The number every MCP server needs to know: 64
6 min read
#mcp #ai-platform #outage #production
In late April 2026, an MCP-backed workflow on our platform stopped responding for the better part of a day.
The chat would route a user message through the model, the model would emit a tool call, and the call would fail before the tool ran. By the time we had the incident bundle and the runtime fix in place, a single number had been burned into the platform: 64.
This is the story of that number — what the Model Context Protocol spec said about it at the time (nothing), what every major LLM provider had quietly agreed on (64), and the runtime pattern that now keeps MCP server names compatible with the entire ecosystem.
The symptom
Tool names in the MCP ecosystem follow the canonical mcp__<server>__<tool> shape — straight out of Claude Code's plugin convention. With descriptive server and tool segments, a real tool name can comfortably run past 80 characters: an mcp__<some_business_app_connector>__<some_descriptive_action> is almost guaranteed to overflow once the server team picks names a human can read.
The model emits a tools array containing one such name, the provider receives it, and the provider rejects the request:
{
"type": "error",
"error": {
"type": "invalid_request_error",
"message": "tools.0.name: String should have at most 64 characters"
}
}Same error from AWS Bedrock. Same error from native Anthropic. The OpenAI API rejected with a slightly different shape but the same outcome — 64 characters, no more.
The MCP specification at the time was silent on tool name length. The Anthropic SDK schema documented a length but did not enforce it client-side. The tools/list endpoint accepted whatever the server returned. The mismatch lived at the provider boundary, and the provider was unforgiving.
How three providers agreed without speaking
I ran the same payload against all three majors to confirm the cap was real and consistent. Every one of them rejected at > 64:
| Provider | Error |
|---|---|
| AWS Bedrock (Anthropic) | ValidationException: tool name length must be less than or equal to 64 |
| Native Anthropic Messages | invalid_request_error: tools.0.name: String should have at most 64 characters |
| OpenAI Chat Completions | BadRequestError: tools[0].function.name should be at most 64 characters |
Three companies, three independent SDK teams, one shared decision: roughly ^[a-zA-Z0-9_-]{1,64}$ for tool identifiers. None of them documented the choice prominently in their getting-started guides; none of them deviated from it.
The MCP ecosystem had been bumping into the limit for months. The issue tracker on anthropics/claude-code alone carries several variants of the same bug:
- #19882 — Tool search fails when MCP tool names exceed 64 chars
- #20983 — MCP plugin tool names exceed 64-character API limit
- #21050 — MCP tool name exceeds 64 character limit with UUID-based server IDs
- #21136 — API Error 400: MCP tool names exceeding 64 character limit
- #23149 — Plugin MCP tool names can exceed API's 64-character limit
From the other side of the contract, github/github-mcp-server opened issue #520 — 64-Character Limit on Tool Names Conflicts with MCP Spec — Should Be Removed or Configurable. Same number, different angle. The spec said one thing (or rather, said nothing); the implementations all said another.
The shape of the fix
Two patterns proved enough to close the gap. I'll describe them in the abstract rather than copy-paste production code, but the shape is straightforward enough to implement from the description.

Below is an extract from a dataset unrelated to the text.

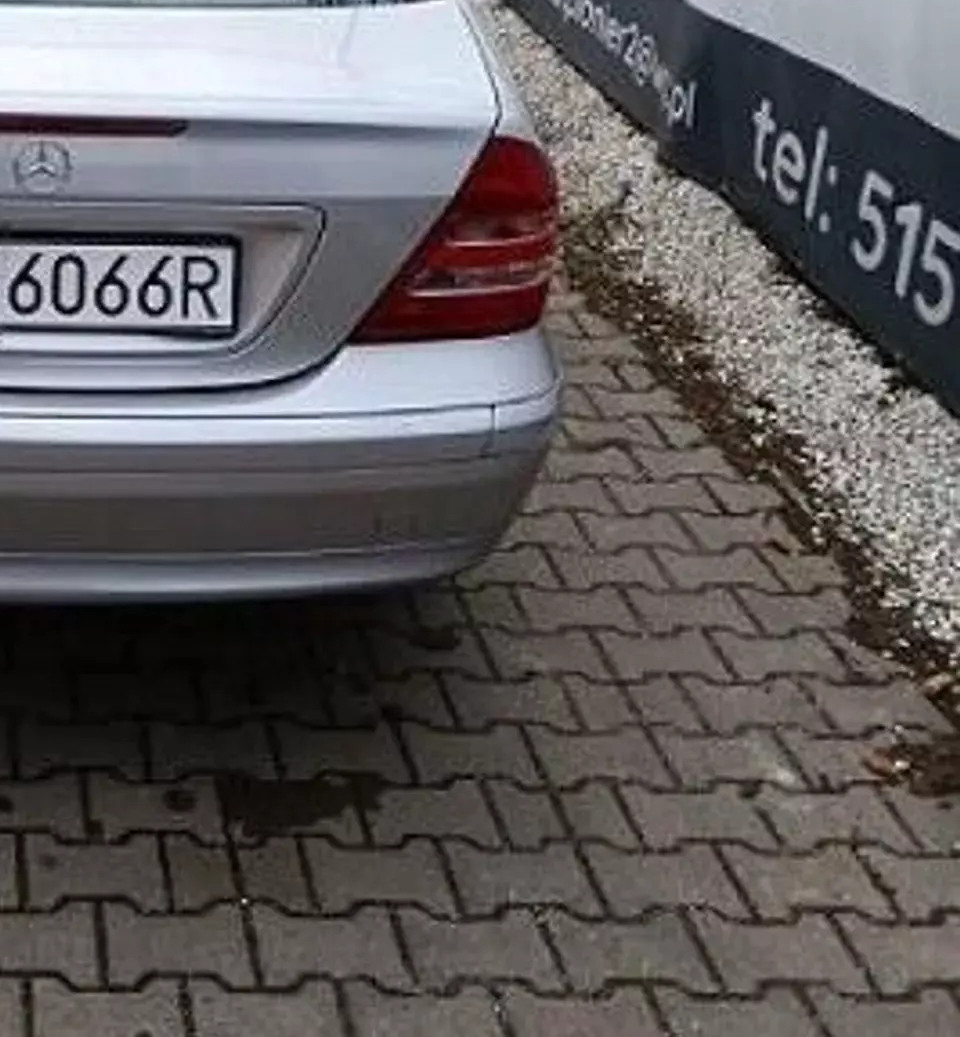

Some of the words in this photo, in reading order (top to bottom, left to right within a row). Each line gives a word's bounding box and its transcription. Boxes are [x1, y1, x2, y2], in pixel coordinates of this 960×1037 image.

[7, 251, 221, 319] 6066R
[753, 98, 838, 233] tel:
[851, 169, 960, 326] 515
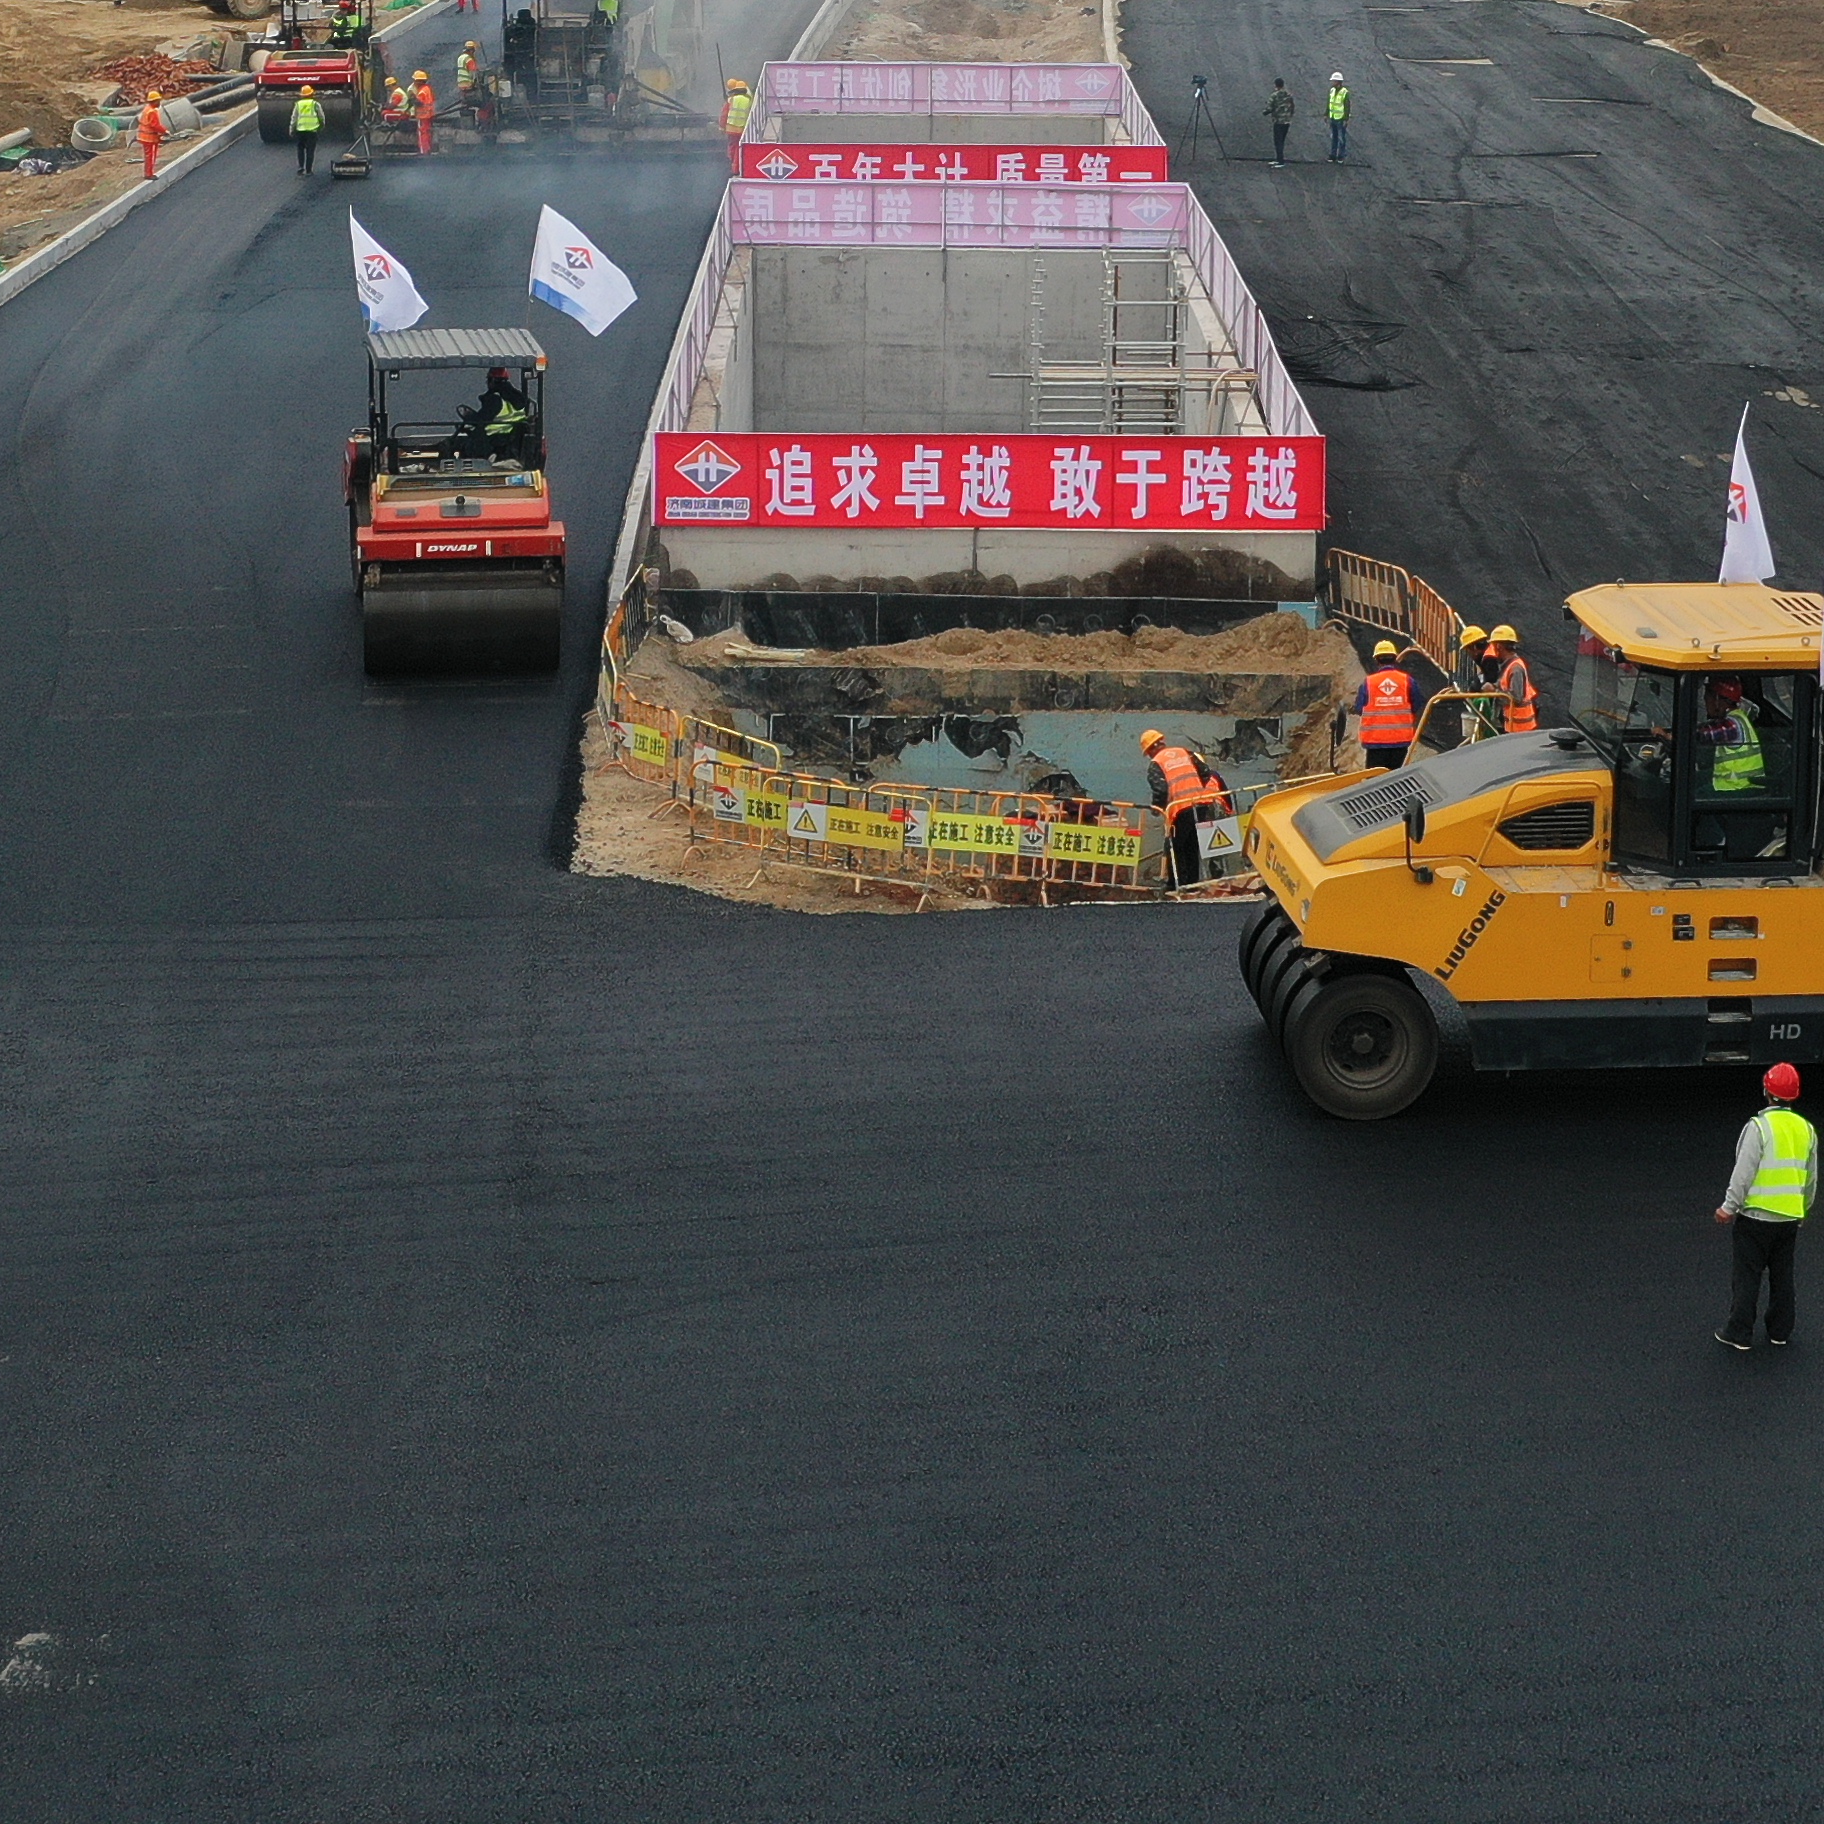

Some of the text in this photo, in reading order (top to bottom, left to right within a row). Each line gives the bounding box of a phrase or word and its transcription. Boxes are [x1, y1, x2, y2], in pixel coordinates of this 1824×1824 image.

A runtime alias sanitiser. When the MCP client builds its tool registry, every name that exceeds 64 characters is rewritten to a stable, deterministic alias that fits. The two non-obvious bits:
- The shortened name must preserve the
mcp__<server>__<tool>shape so existing routing logic keeps working. Hashing the server segment to a short, stable prefix (a 12-char digest of a cryptographic hash works fine) and keeping the tool segment human-readable hits both goals — the alias survives a router restart, identical servers map to identical aliases, and the tool stays recognisable in traces and logs. - The mapping must be bidirectional. The model emits an alias on turn N, the provider returns it on the tool-call response, and the router needs to translate it back to the underlying MCP tool to actually invoke anything.
A pre-flight validator at the server-registration boundary. Servers that publish tool names with no plausible 64-char shortening — names that lack the mcp__server__tool structure, or names so long the shortened form still overflows — are refused at registration time. Failing fast at the registration boundary is cheaper than triaging an outage at the provider boundary.
The combined effect is that any MCP server can publish whatever name it likes, the router quietly normalises it to a provider-safe form, and the model never sees a name it can't actually call.
What SEP-986 changes
Shortly after our outage, SEP-986 — Specify Format for Tool Names opened against the MCP specification. The proposal: tool names are 1–64 characters, alphanumeric plus _, -, ., case-sensitive. It is the exact set every major provider had been enforcing in private.
The SEP is not yet ratified, but the discussion thread reads like a public ratification of what was already true. The 64 the providers agreed on is becoming the 64 the spec endorses. Servers that already conform — including MCP servers shipped after the alias-sanitiser pattern landed — will have nothing to change.
What this teaches
Three patterns that compound across the MCP ecosystem:
A silent spec leaves implementers free to converge. They will converge on the most restrictive option, because that's the one that protects everyone downstream. The MCP spec did not say "64" — the SDK teams at Anthropic, AWS, and OpenAI each picked 64 anyway, because permitting longer names meant either dropping support somewhere or paying for it at deserialisation. The cautious answer is usually the right answer.
Provider boundaries are spec boundaries. Anything that ships through the LLM API contract — tool names, JSON schemas, system prompts, message ordering — is constrained by the strictest provider you target. If you support Bedrock, Anthropic and OpenAI, you live in the intersection of three private specs that no document captures.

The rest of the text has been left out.